__Exercise instructions__
Apart from the pictures, write out all the records exactly.

__Data shown__

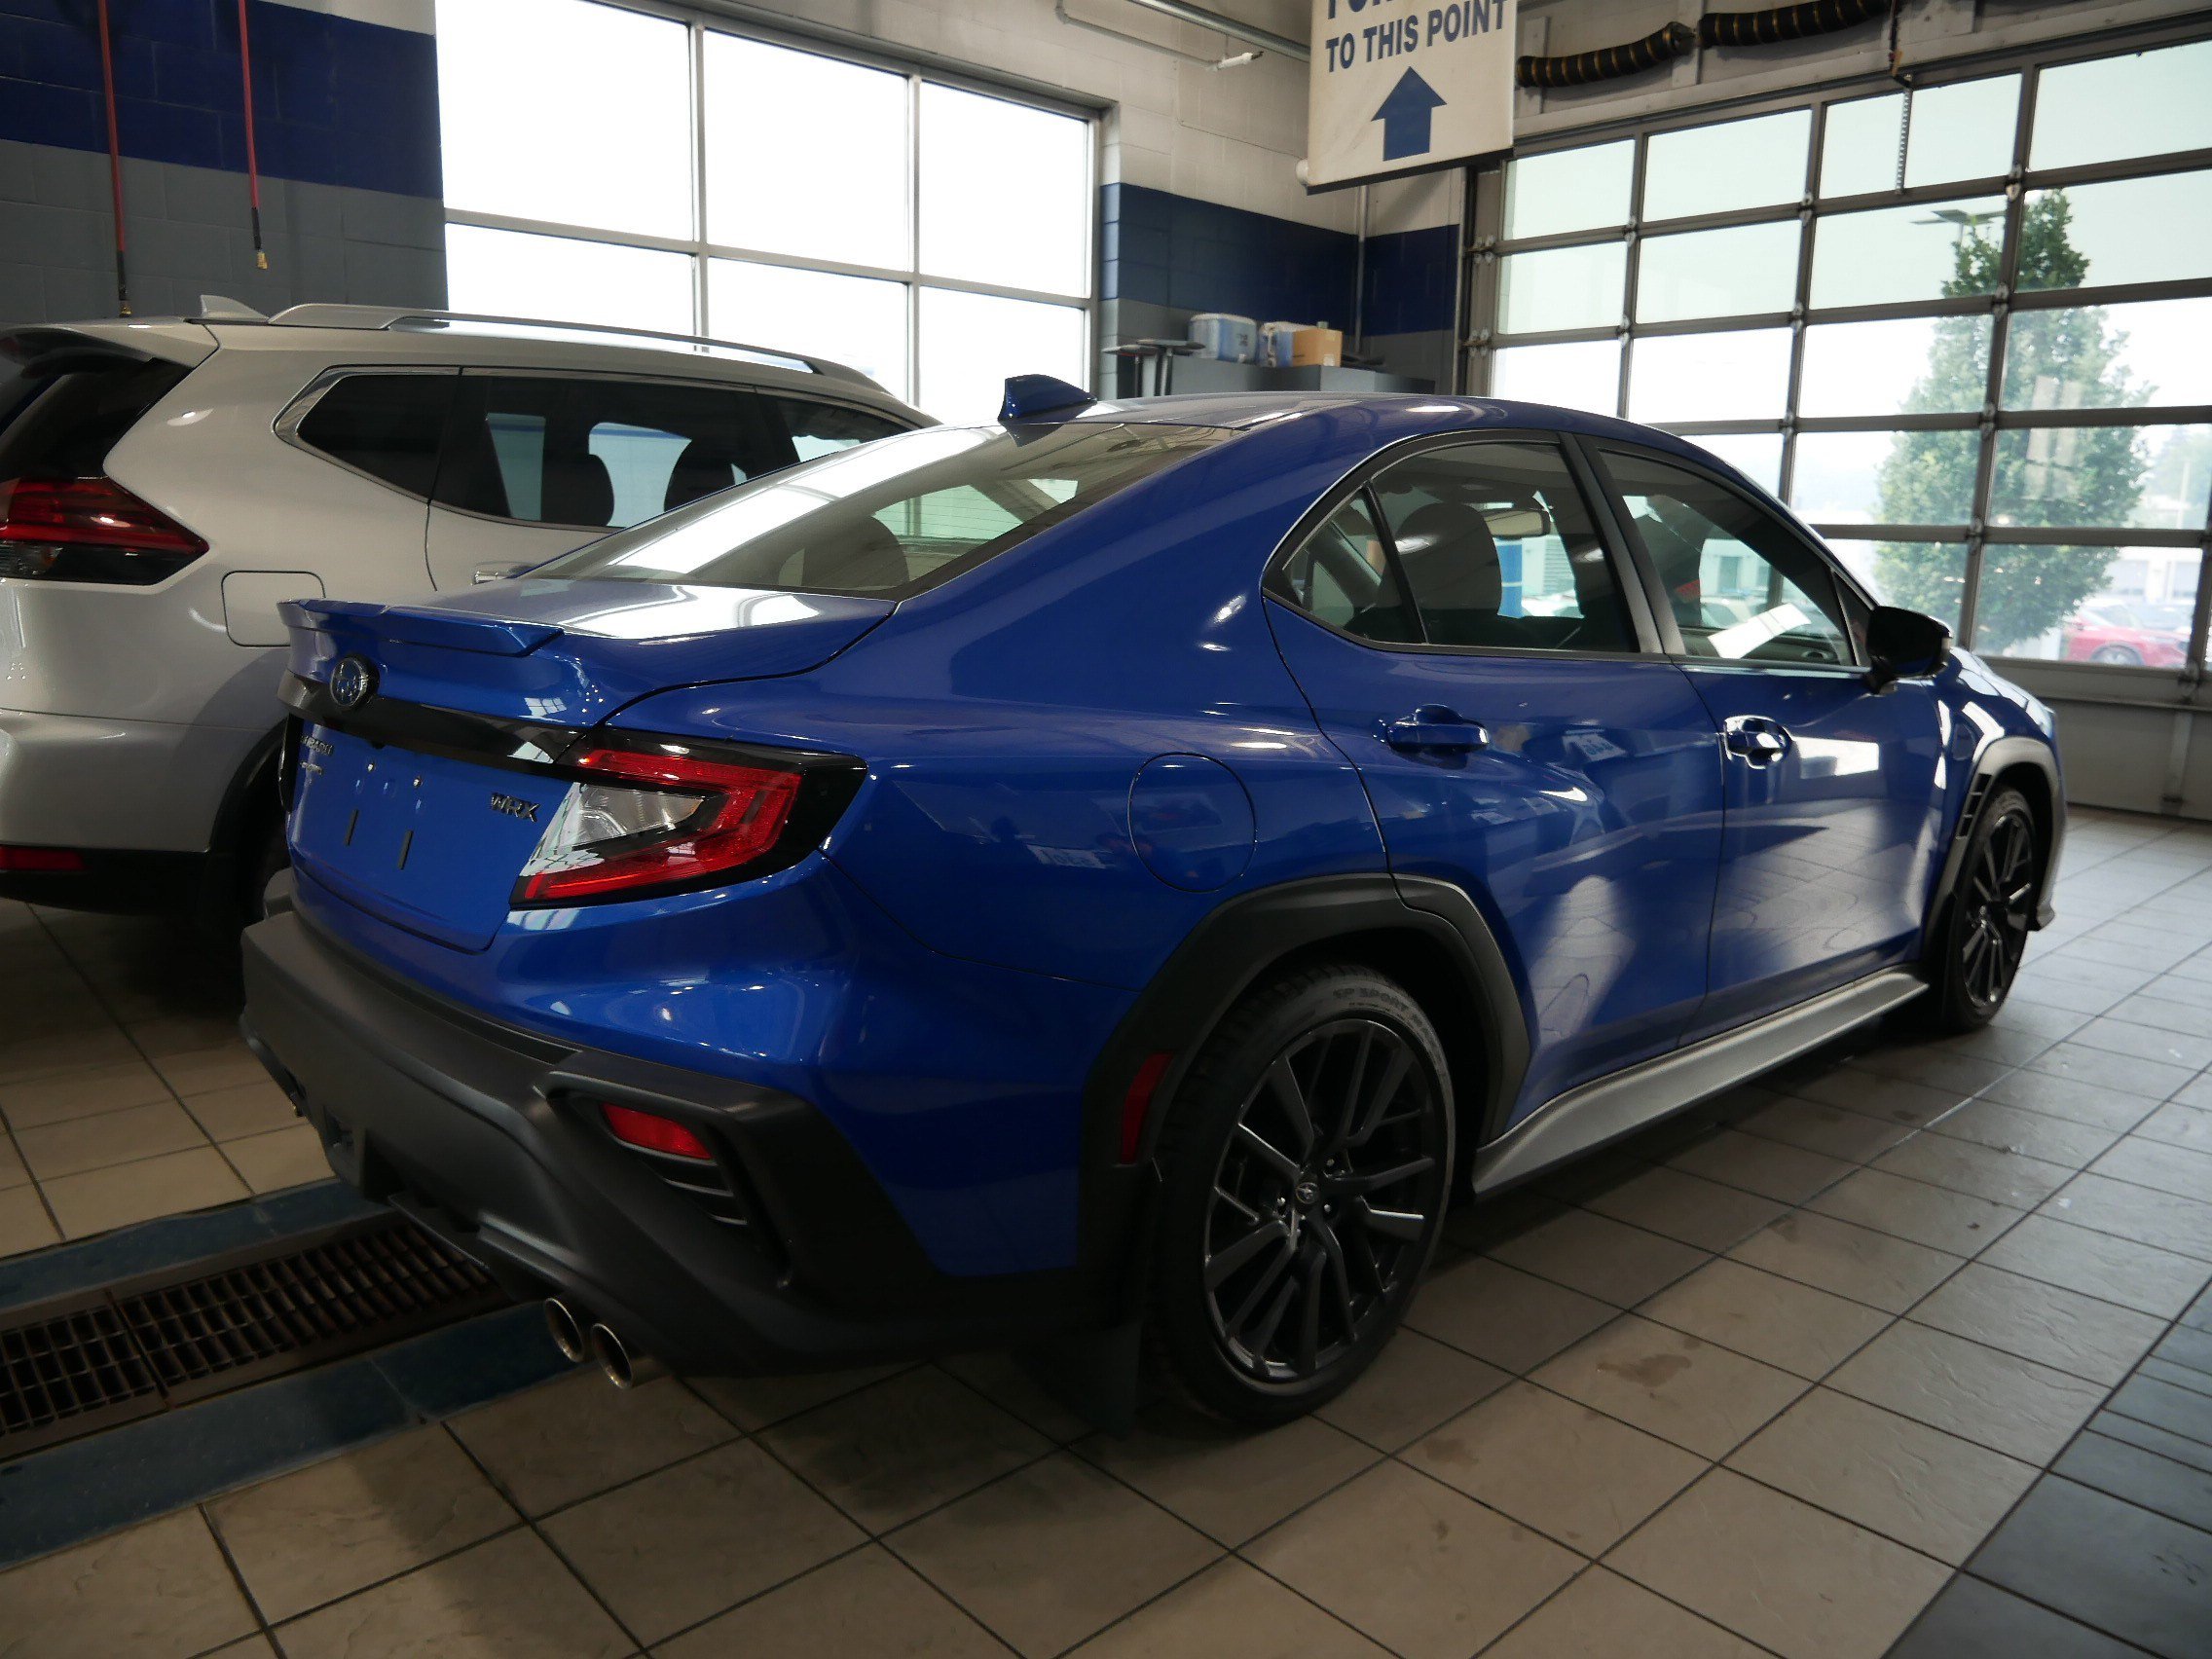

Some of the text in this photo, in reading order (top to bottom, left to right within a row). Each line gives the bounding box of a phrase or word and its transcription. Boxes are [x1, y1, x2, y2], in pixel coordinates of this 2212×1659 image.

[1325, 32, 1355, 73] TO
[1363, 15, 1419, 62] THIS
[1426, 0, 1506, 47] POINT
[491, 793, 540, 823] WRX
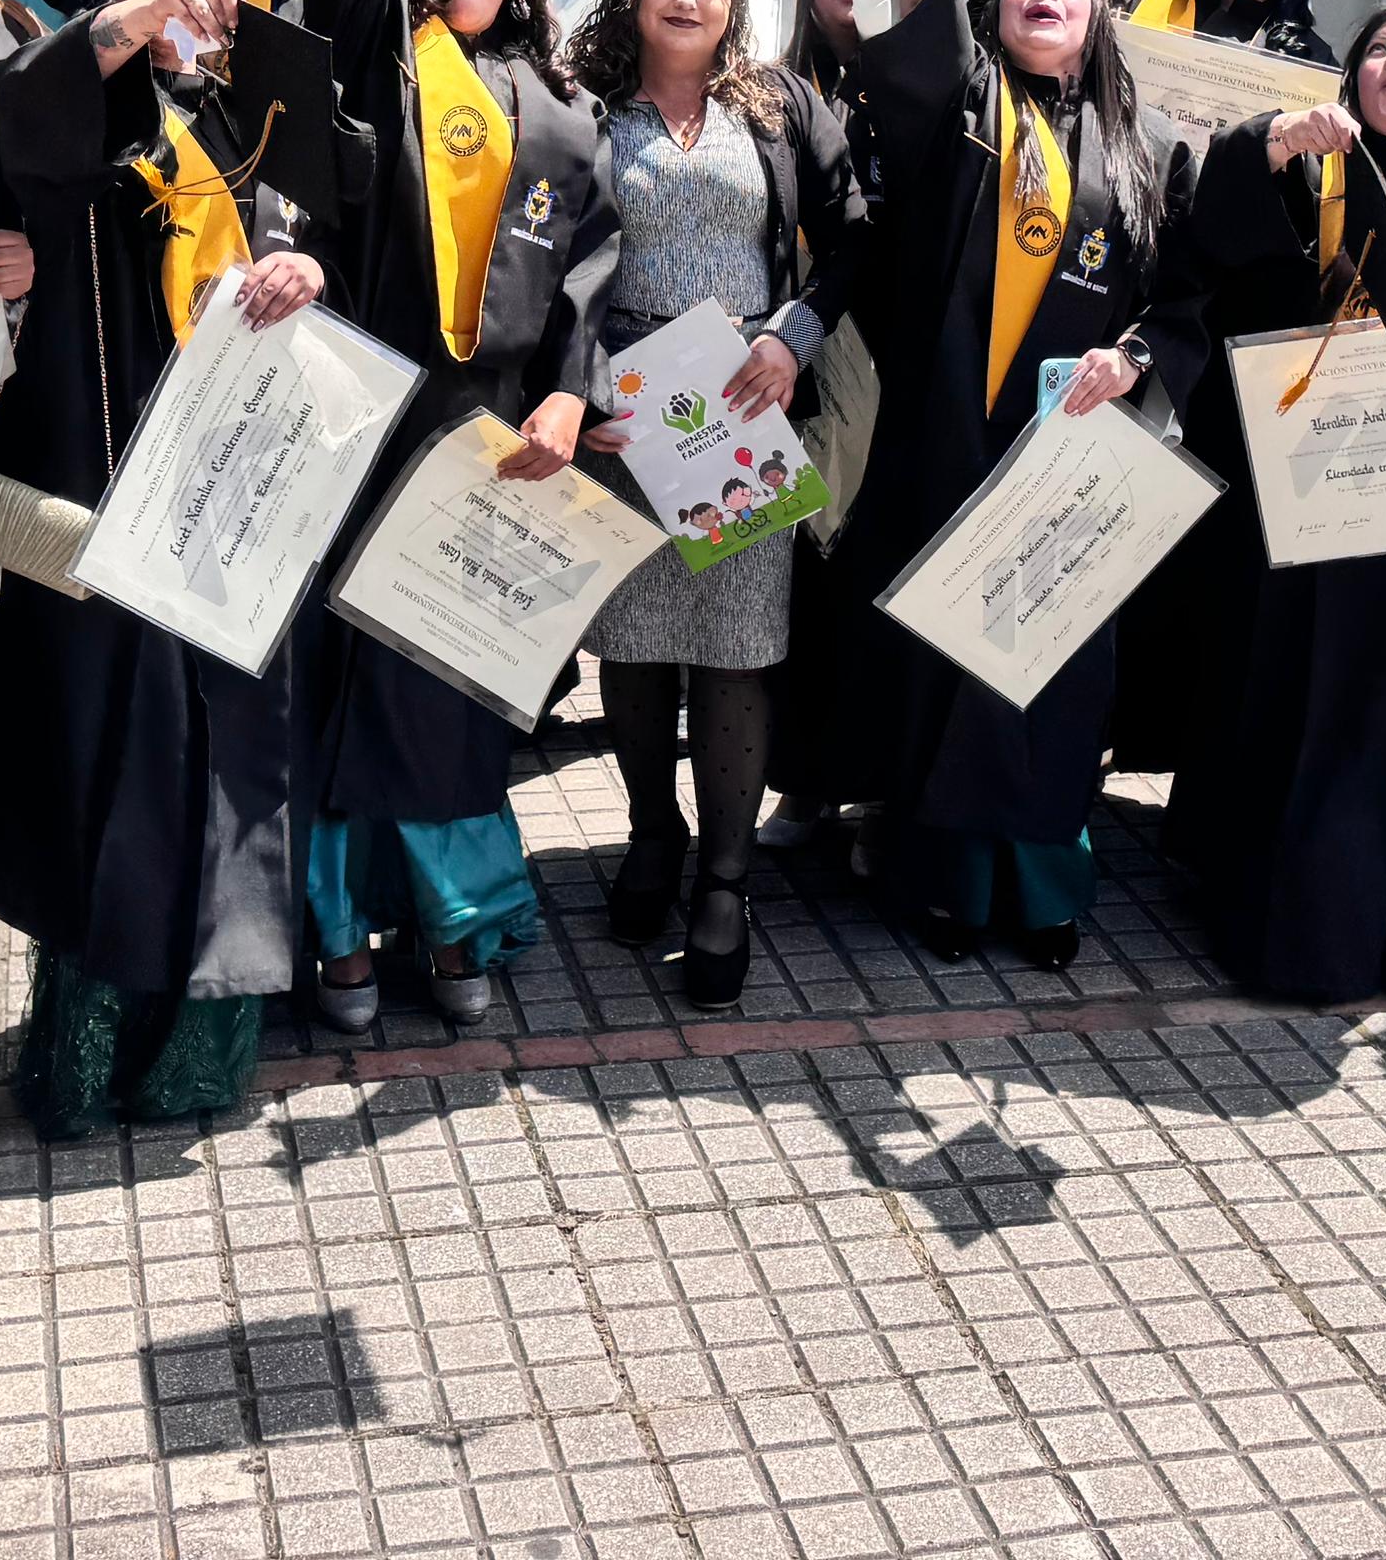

__Answer section__
Some of the text in this photo, in reading order (top to bottom, left to right within a row). Each line gives the bounding box of a phrase or word and its transcription. Boxes are [x1, y1, x2, y2], in pixel coordinates of this 2212×1659 image.

[1325, 32, 1355, 73] TO
[1363, 15, 1419, 62] THIS
[1426, 0, 1506, 47] POINT
[491, 793, 540, 823] WRX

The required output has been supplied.